Health Minister Humberto Costa said on Thursday that tests are meant to identify people who are HIV positive, many of whom do not know or ignore the fact that they have the virus that causes AIDS.

"Some 400,000 people in Brazil don't know about their situation," said Costa. "As well as not treating themselves, they put other people's health at risk."

Brazil is believed to have 600,000 people who have the AIDS virus.

But the World Health Organisation said it considers Brazil's anti-AIDS programme to be a model for other poor nations.
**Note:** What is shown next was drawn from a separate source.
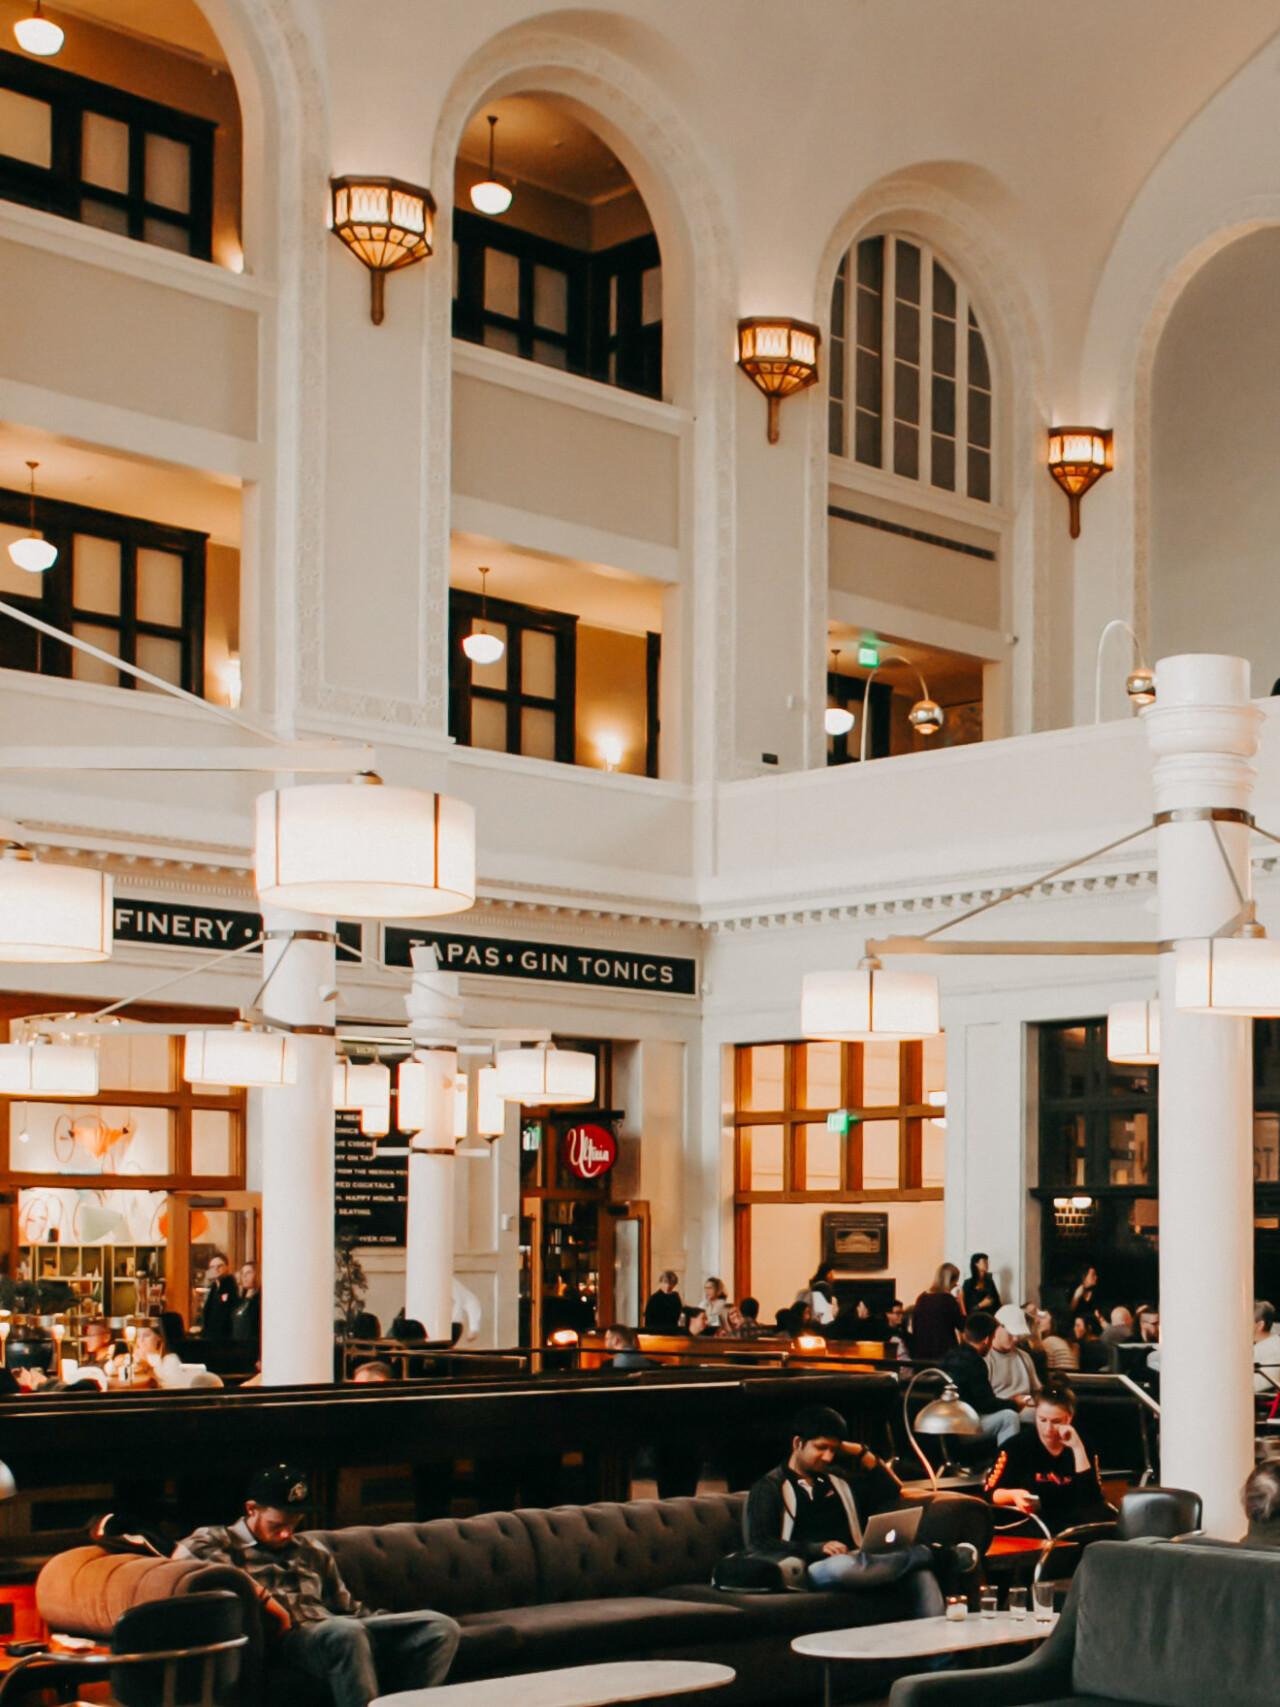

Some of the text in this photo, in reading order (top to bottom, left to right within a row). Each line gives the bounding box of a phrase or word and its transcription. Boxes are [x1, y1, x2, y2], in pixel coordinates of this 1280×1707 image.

[114, 907, 234, 942] FINERY
[520, 951, 568, 974] GIN
[578, 956, 675, 985] TONICS
Brazil offers some free anti-AIDS drugs and successfully battled rich countries last month to force drug companies to slash prices.
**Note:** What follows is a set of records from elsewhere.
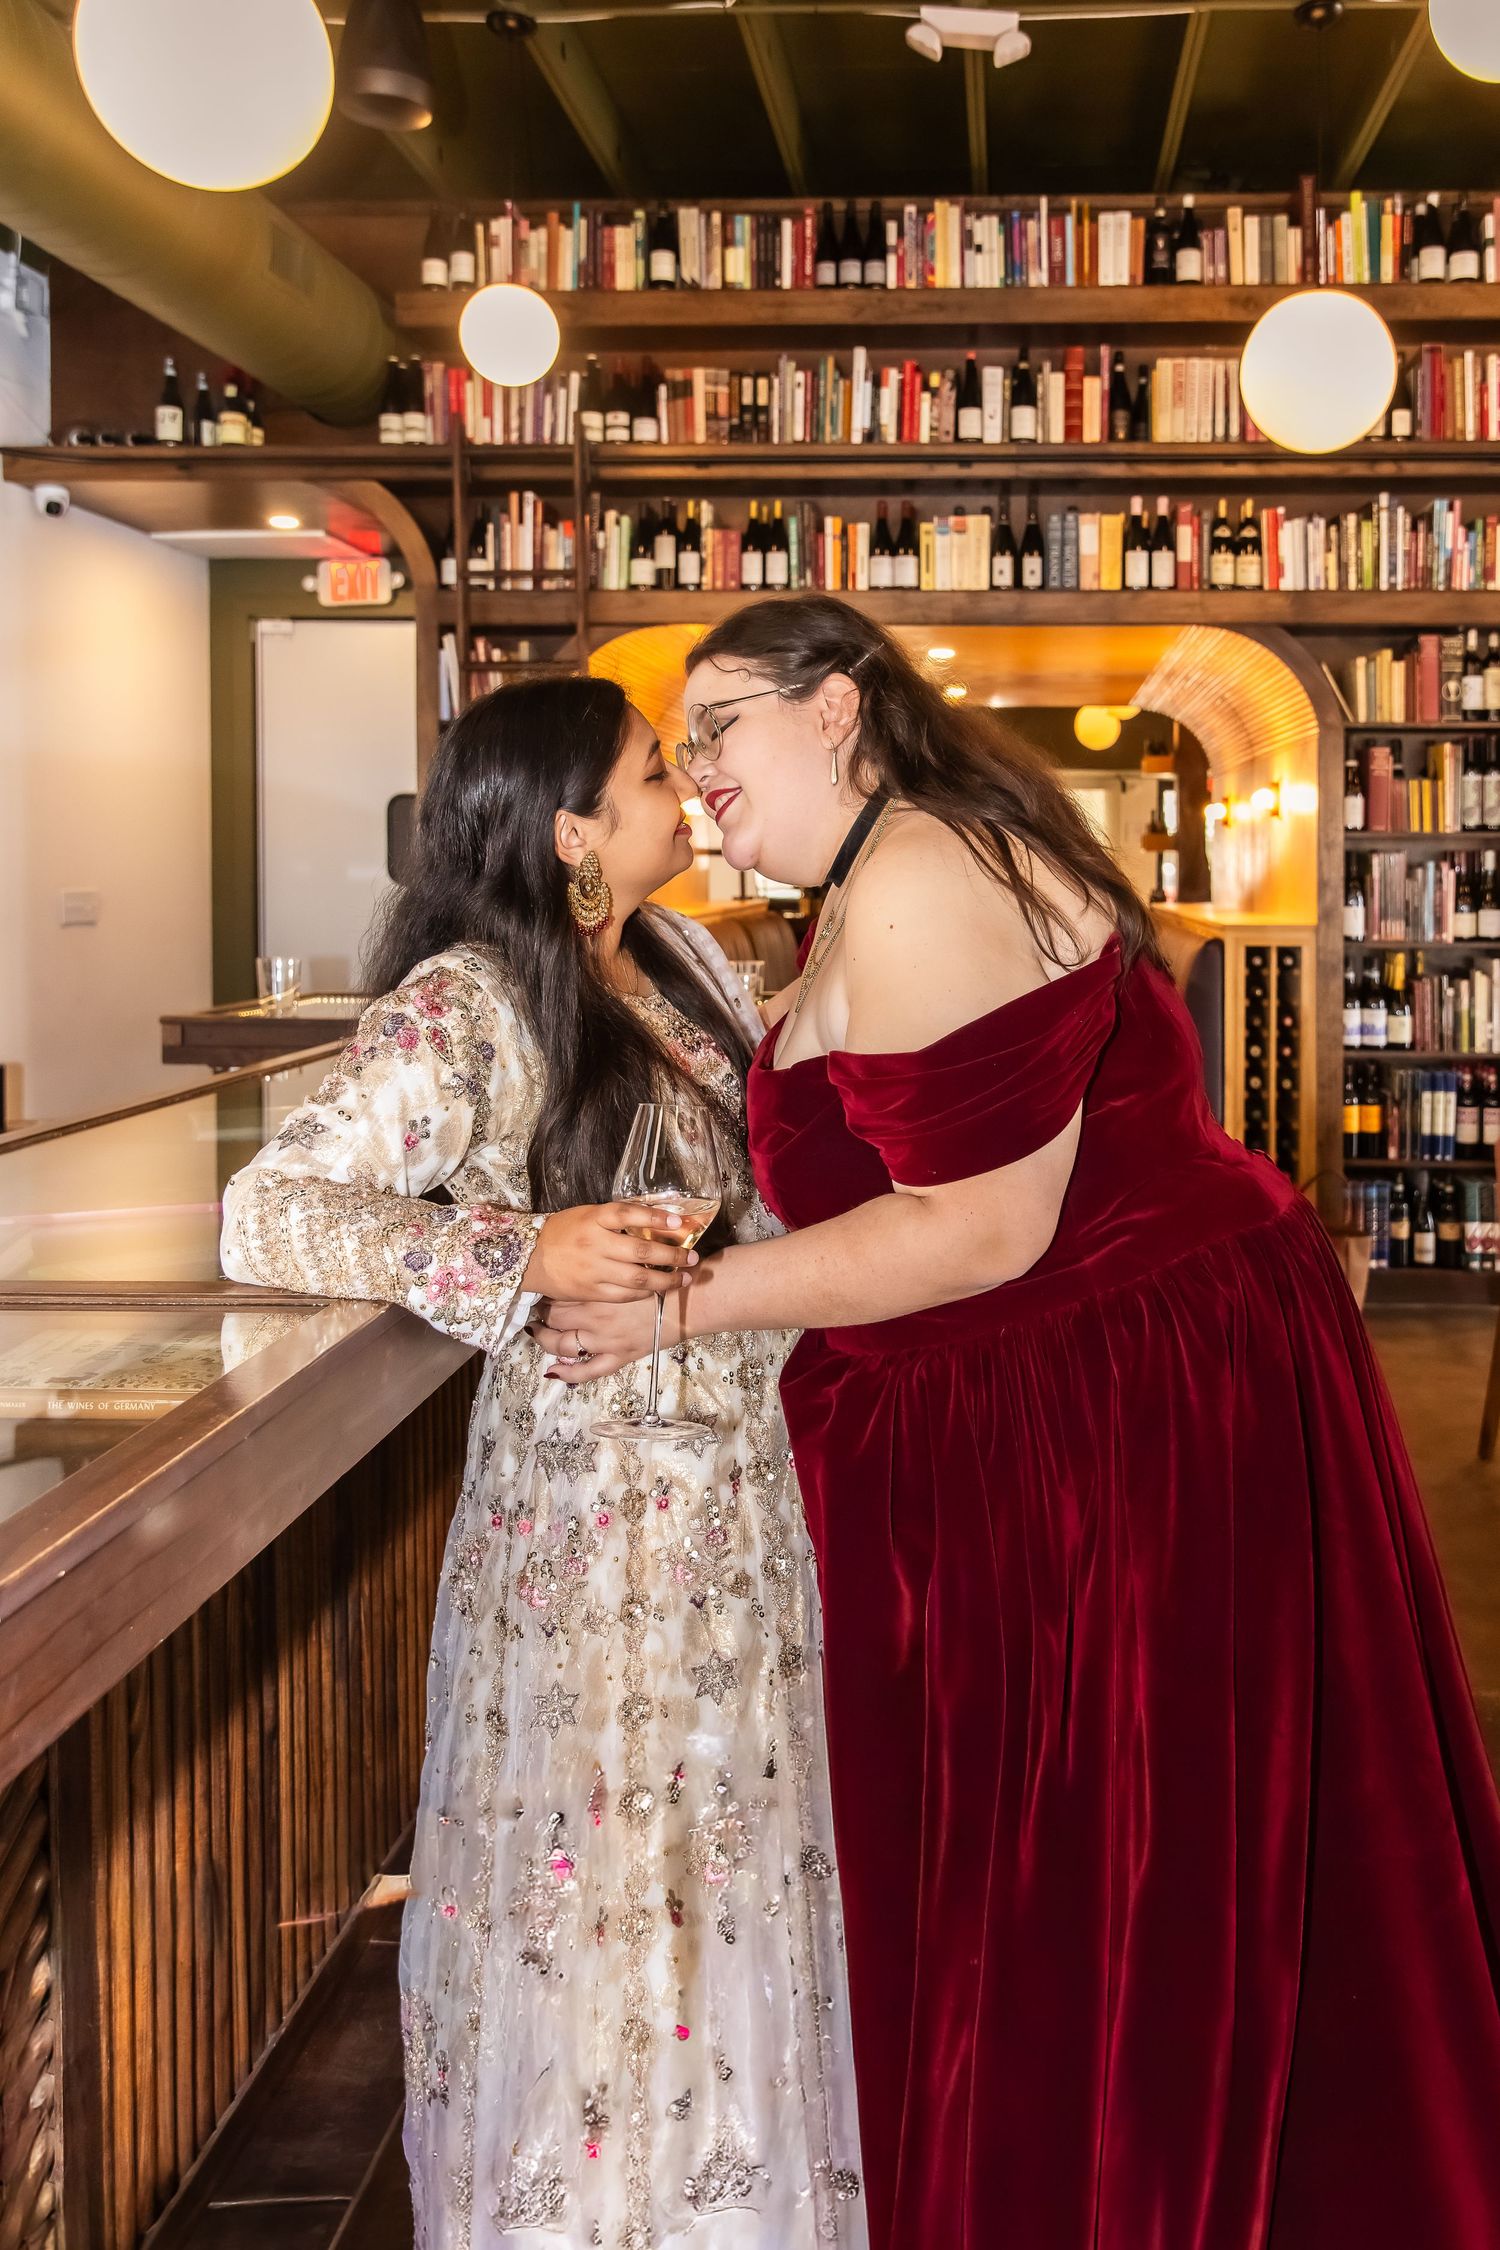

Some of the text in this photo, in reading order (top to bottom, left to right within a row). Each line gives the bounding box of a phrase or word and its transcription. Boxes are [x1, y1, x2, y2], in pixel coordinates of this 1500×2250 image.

[330, 561, 380, 601] EXIT
[48, 1401, 63, 1410] THE
[67, 1401, 94, 1410] WINES
[98, 1402, 108, 1410] OF
[113, 1401, 156, 1411] GERMANY
"Some 400,000 people in Brazil don't know about their situation, as well as not treating themselves, they put other people's health at risk."

Humberto Costa, Brazilian Health Minister

Using slogans like "Find out!" and "If you had sex without a condom, take the AIDS test," Brazil will roll out the test campaign this weekend in media advertisements and on posters and stickers plastered across Latin America's largest nation.
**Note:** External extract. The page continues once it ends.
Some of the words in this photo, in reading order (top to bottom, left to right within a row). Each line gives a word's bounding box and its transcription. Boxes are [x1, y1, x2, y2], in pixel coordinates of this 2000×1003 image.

The free tests will be done in public hospitals and the campaign has a goal of 3.6 million tests by the end of 2004.

One ad will show people trying to carry pianos through a crowd, symbolizing the doubt on their minds.

"Get that weight off your mind," says the TV ad. Other ads are specifically aimed at prostitutes, pregnant women, married women and parents worried about their children.

While Brazilian men used to be most at risk for AIDS, figures show the disease is now spreading fastest among poor women between 13 and 29 years of age.